### AIM OF THE EXERCISE
Write out all of the entries exactly, please.

(SUPPLIED DATA Opens)

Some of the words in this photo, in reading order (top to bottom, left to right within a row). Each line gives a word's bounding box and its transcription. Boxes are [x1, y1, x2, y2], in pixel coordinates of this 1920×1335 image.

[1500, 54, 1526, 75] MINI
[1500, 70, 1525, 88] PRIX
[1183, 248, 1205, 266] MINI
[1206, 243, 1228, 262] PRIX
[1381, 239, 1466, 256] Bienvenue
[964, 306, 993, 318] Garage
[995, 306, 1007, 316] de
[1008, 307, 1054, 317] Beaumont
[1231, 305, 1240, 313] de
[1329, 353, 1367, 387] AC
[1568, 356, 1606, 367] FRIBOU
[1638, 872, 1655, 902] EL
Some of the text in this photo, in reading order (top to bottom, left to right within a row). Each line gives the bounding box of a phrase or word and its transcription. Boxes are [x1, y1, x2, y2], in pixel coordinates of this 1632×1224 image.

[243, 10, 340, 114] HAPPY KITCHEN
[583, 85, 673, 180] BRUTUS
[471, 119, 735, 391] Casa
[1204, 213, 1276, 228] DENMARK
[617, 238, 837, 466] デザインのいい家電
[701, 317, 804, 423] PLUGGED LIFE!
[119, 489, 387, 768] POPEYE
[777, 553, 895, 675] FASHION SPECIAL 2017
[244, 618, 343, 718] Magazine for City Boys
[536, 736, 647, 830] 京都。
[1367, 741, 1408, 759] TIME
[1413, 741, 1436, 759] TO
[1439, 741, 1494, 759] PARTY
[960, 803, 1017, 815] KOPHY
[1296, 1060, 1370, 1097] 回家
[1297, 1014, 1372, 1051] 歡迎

(SUPPLIED DATA Closes)

### REPLY
Some of the words in this photo, in reading order (top to bottom, left to right within a row). Each line gives a word's bounding box and its transcription. Boxes are [x1, y1, x2, y2], in pixel coordinates of this 1920×1335 image.

[1500, 54, 1526, 75] MINI
[1500, 70, 1525, 88] PRIX
[1183, 248, 1205, 266] MINI
[1206, 243, 1228, 262] PRIX
[1381, 239, 1466, 256] Bienvenue
[964, 306, 993, 318] Garage
[995, 306, 1007, 316] de
[1008, 307, 1054, 317] Beaumont
[1231, 305, 1240, 313] de
[1329, 353, 1367, 387] AC
[1568, 356, 1606, 367] FRIBOU
[1638, 872, 1655, 902] EL
Some of the text in this photo, in reading order (top to bottom, left to right within a row). Each line gives the bounding box of a phrase or word and its transcription. Boxes are [x1, y1, x2, y2], in pixel coordinates of this 1632×1224 image.

[243, 10, 340, 114] HAPPY KITCHEN
[583, 85, 673, 180] BRUTUS
[471, 119, 735, 391] Casa
[1204, 213, 1276, 228] DENMARK
[617, 238, 837, 466] デザインのいい家電
[701, 317, 804, 423] PLUGGED LIFE!
[119, 489, 387, 768] POPEYE
[777, 553, 895, 675] FASHION SPECIAL 2017
[244, 618, 343, 718] Magazine for City Boys
[536, 736, 647, 830] 京都。
[1367, 741, 1408, 759] TIME
[1413, 741, 1436, 759] TO
[1439, 741, 1494, 759] PARTY
[960, 803, 1017, 815] KOPHY
[1296, 1060, 1370, 1097] 回家
[1297, 1014, 1372, 1051] 歡迎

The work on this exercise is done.